Vi starete forse chiedendo: che cosa ha a che fare lo spirito dell'artigiano con la cucina tradizionale giapponese? La mia domanda, però, è un'altra: che cosa sarebbe la cucina tradizionale giapponese senza gli strumenti che l'hanno resa così speciale e riconoscibile?

Raffigurazione tradizionale di un fabbro giapponese al lavoro, assistito da uno spirito Inari accanto all'incudine.
Raffigurazione di un fabbro giapponese al lavoro assistito da uno spirito Inari.

Per citare il nostro amico Jeko quando pensiamo alla cucina giapponese spesso pensiamo a sushi, soba e ramen, ma nella cultura culinaria Giapponese c’è molto di più, come dietro tutte le cose semplici dietro questi piatti si nascondono segreti e tradizioni centenarie e quello che vediamo oggi è anche il risultato dell’evoluzione degli attrezzi necessari per la loro creazione.

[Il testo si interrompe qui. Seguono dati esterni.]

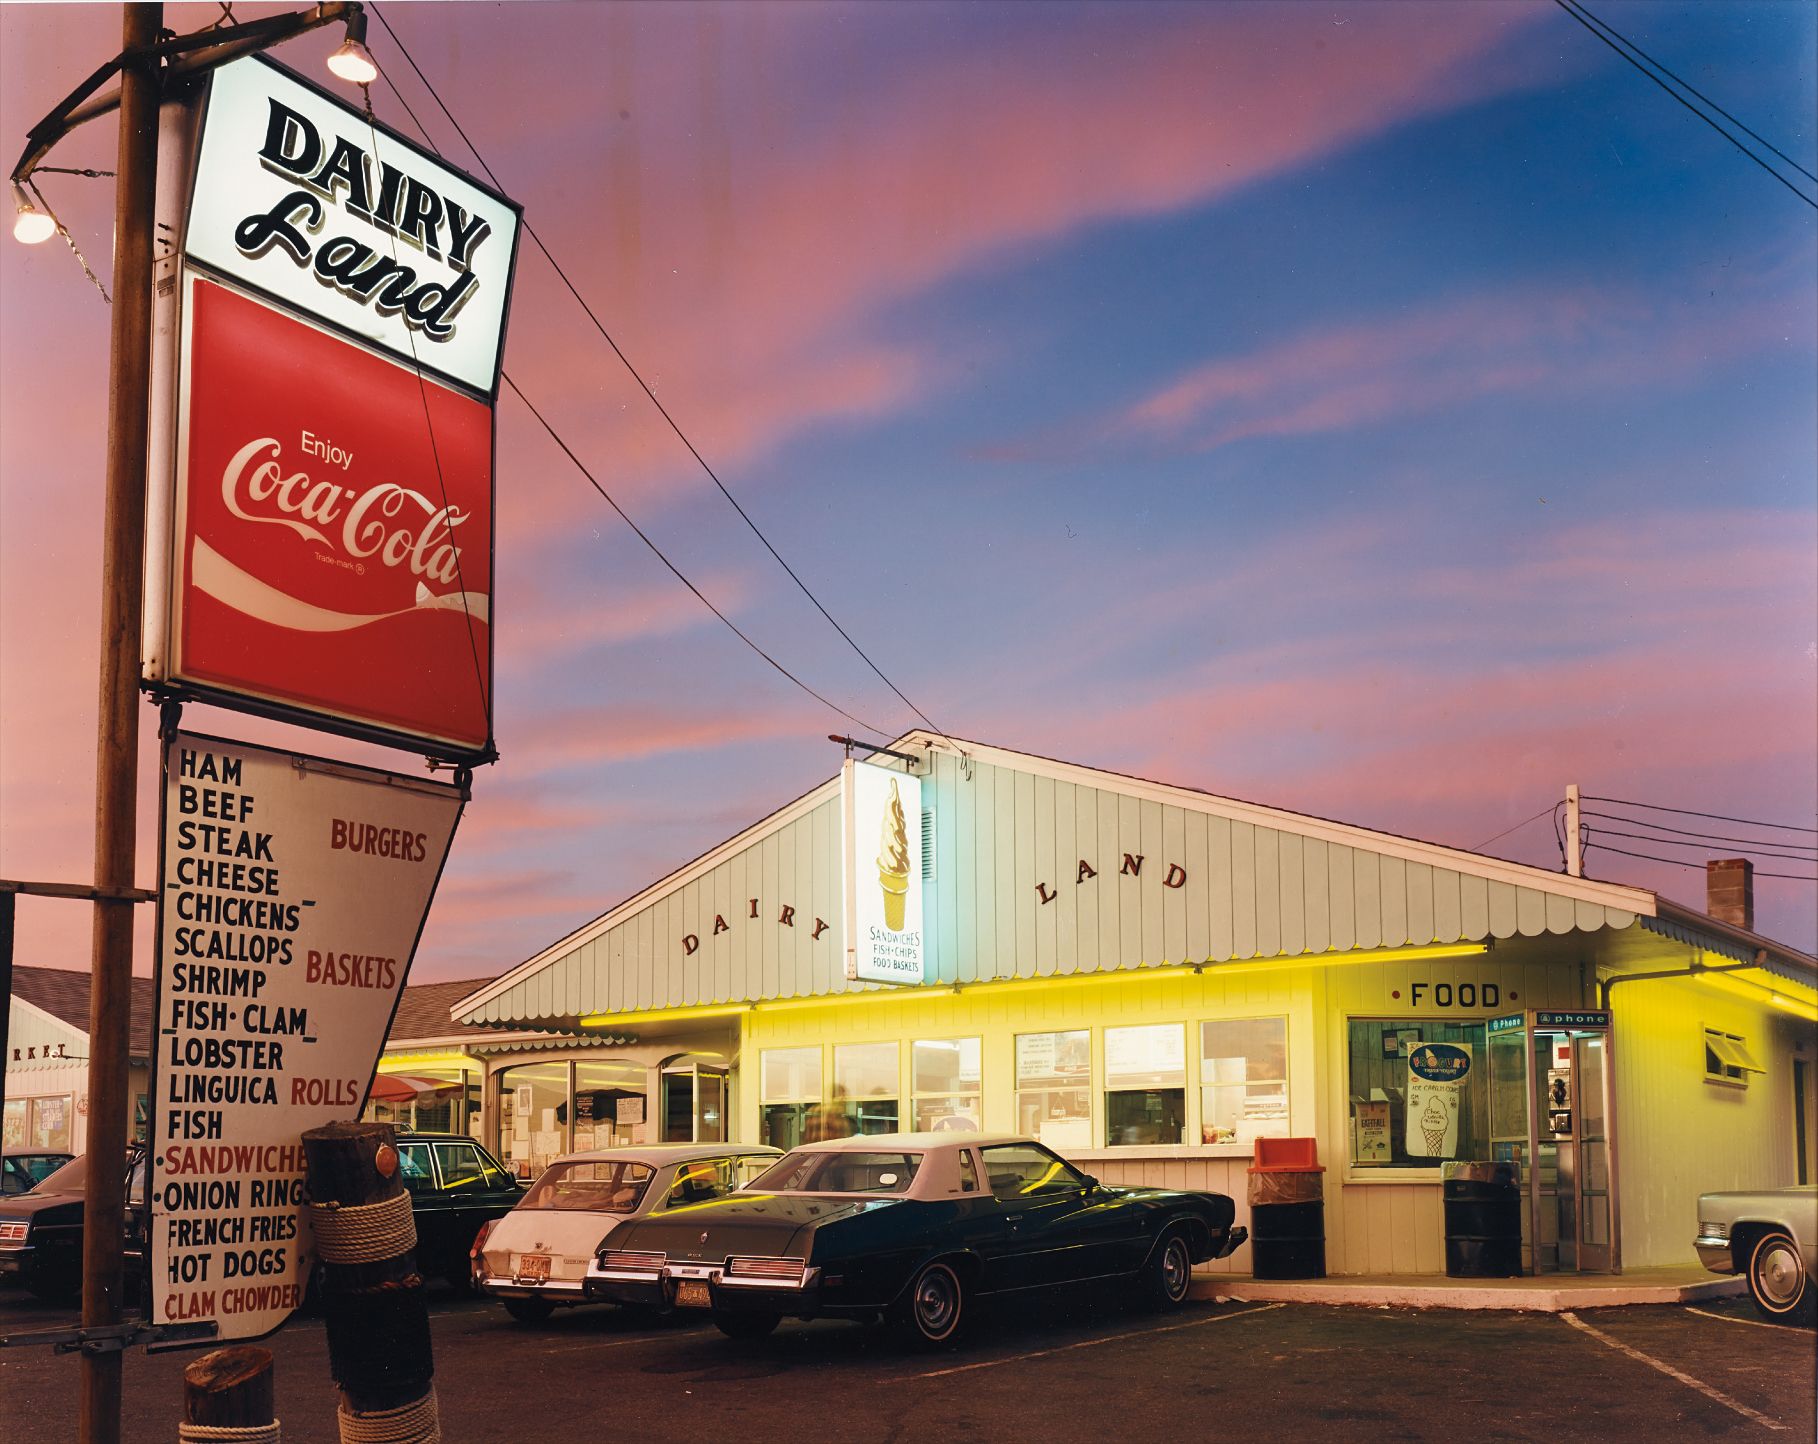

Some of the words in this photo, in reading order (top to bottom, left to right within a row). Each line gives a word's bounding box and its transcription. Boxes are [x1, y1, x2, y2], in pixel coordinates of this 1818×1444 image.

[257, 96, 491, 268] DAIRY
[235, 191, 479, 342] Land
[301, 430, 353, 470] Enjoy
[221, 437, 471, 584] Coca-Cola
[180, 748, 242, 786] HAM
[179, 784, 254, 823] BEEF
[178, 821, 274, 862] STEAK
[331, 818, 427, 863] BURGERS
[176, 857, 279, 896] CHEESE
[176, 891, 300, 932] CHICKENS
[682, 898, 829, 956] DAIRY
[1036, 853, 1187, 905] LAND
[870, 926, 920, 947] SANDWICHES
[174, 927, 293, 965] SCALLOPS
[306, 950, 396, 989] BASKETS
[873, 956, 891, 968] FOOD
[893, 960, 919, 972] BASKETS
[172, 963, 266, 998] SHRIMP
[1411, 983, 1500, 1007] FOOD
[243, 1004, 307, 1036] CLAM
[1555, 1014, 1605, 1023] phone
[170, 1037, 283, 1070] LOBSTER
[169, 1074, 278, 1105] LINGUICA
[291, 1077, 358, 1106] ROLLS
[168, 1110, 223, 1139] FISH
[165, 1145, 308, 1175] SANDWICHE
[163, 1180, 241, 1211] ONION
[251, 1179, 308, 1208] RING
[168, 1216, 245, 1248] FRENCH
[250, 1214, 297, 1243] FRIES
[168, 1253, 211, 1284] HOT
[223, 1248, 286, 1279] DOGS
[165, 1290, 215, 1321] CLAM
[221, 1283, 300, 1314] CHOWDER

Mi chiamo Daniele e sono il curatore di ToolsReborn – Wabi Sabi Story, un canale YouTube dedicato al restauro di utensili giapponesi, da falegnameria e coltelli da cucina. Attraverso il recupero di lame, pialle, scalpelli e strumenti dimenticati, ho imparato che un utensile giapponese raramente è soltanto un oggetto. È memoria, tecnica, materia e disciplina. È il punto in cui la mano incontra il pensiero.

In questo articolo vorrei iniziare con voi una conversazione sui principi che stanno alla base dell'artigianato giapponese e sul modo in cui questi principi entrano anche nella cucina tradizionale. Non parleremo soltanto di coltelli affilati o di strumenti antichi, ma di una sensibilità: lo Shokunin Kishitsu, lo spirito, il carattere e la disposizione interiore dell'artigiano.

Shokunin, maestro artigiano giapponese, al lavoro accanto a un giovane apprendista.
Shokunin (maestro artigiano) a lavoro assistito da un giovane apprendista.

Prima dello strumento: il modo di guardare le cose

Per capire il rapporto tra artigianato e cucina giapponese, dobbiamo partire da un'idea molto antica: la cultura giapponese è stata profondamente influenzata da tradizioni religiose, spirituali e popolari che si sono sviluppate in modi diversi nelle varie regioni del Paese. Al centro di molte di queste sensibilità troviamo una forma di animismo, cioè l'idea che il mondo non sia composto soltanto da materia inerte, ma da presenze, relazioni e spiriti.

Nello Shintō, la tradizione religiosa indigena del Giappone, si parla di kami: presenze sacre che possono manifestarsi nella natura, nei luoghi, nei fenomeni, negli alberi, nelle montagne, nell'acqua e in molte forme del mondo vivente. Lo Shintō viene spesso descritto come la "via dei kami" e, pur non avendo un fondatore unico o dogmi fissi, ha conservato nel tempo un legame profondo con il modo giapponese di pensare e vivere il rapporto con la natura. In una sintesi molto chiara, il National Museum of Asian Art dello Smithsonian ricorda che, secondo la sensibilità shintoista, creature e caratteristiche del mondo naturale possono essere animate da un kami, uno spirito.

Questa visione non va semplificata come se ogni giapponese credesse nello stesso modo o praticasse le stesse tradizioni. Il Giappone è sempre stato più complesso di così. Buddhismo, Shintō, confucianesimo, credenze popolari, pratiche familiari e tradizioni locali si sono intrecciate per secoli. Eppure, dentro questo intreccio, una cosa rimane importante: l'idea che ciò che usiamo meriti rispetto.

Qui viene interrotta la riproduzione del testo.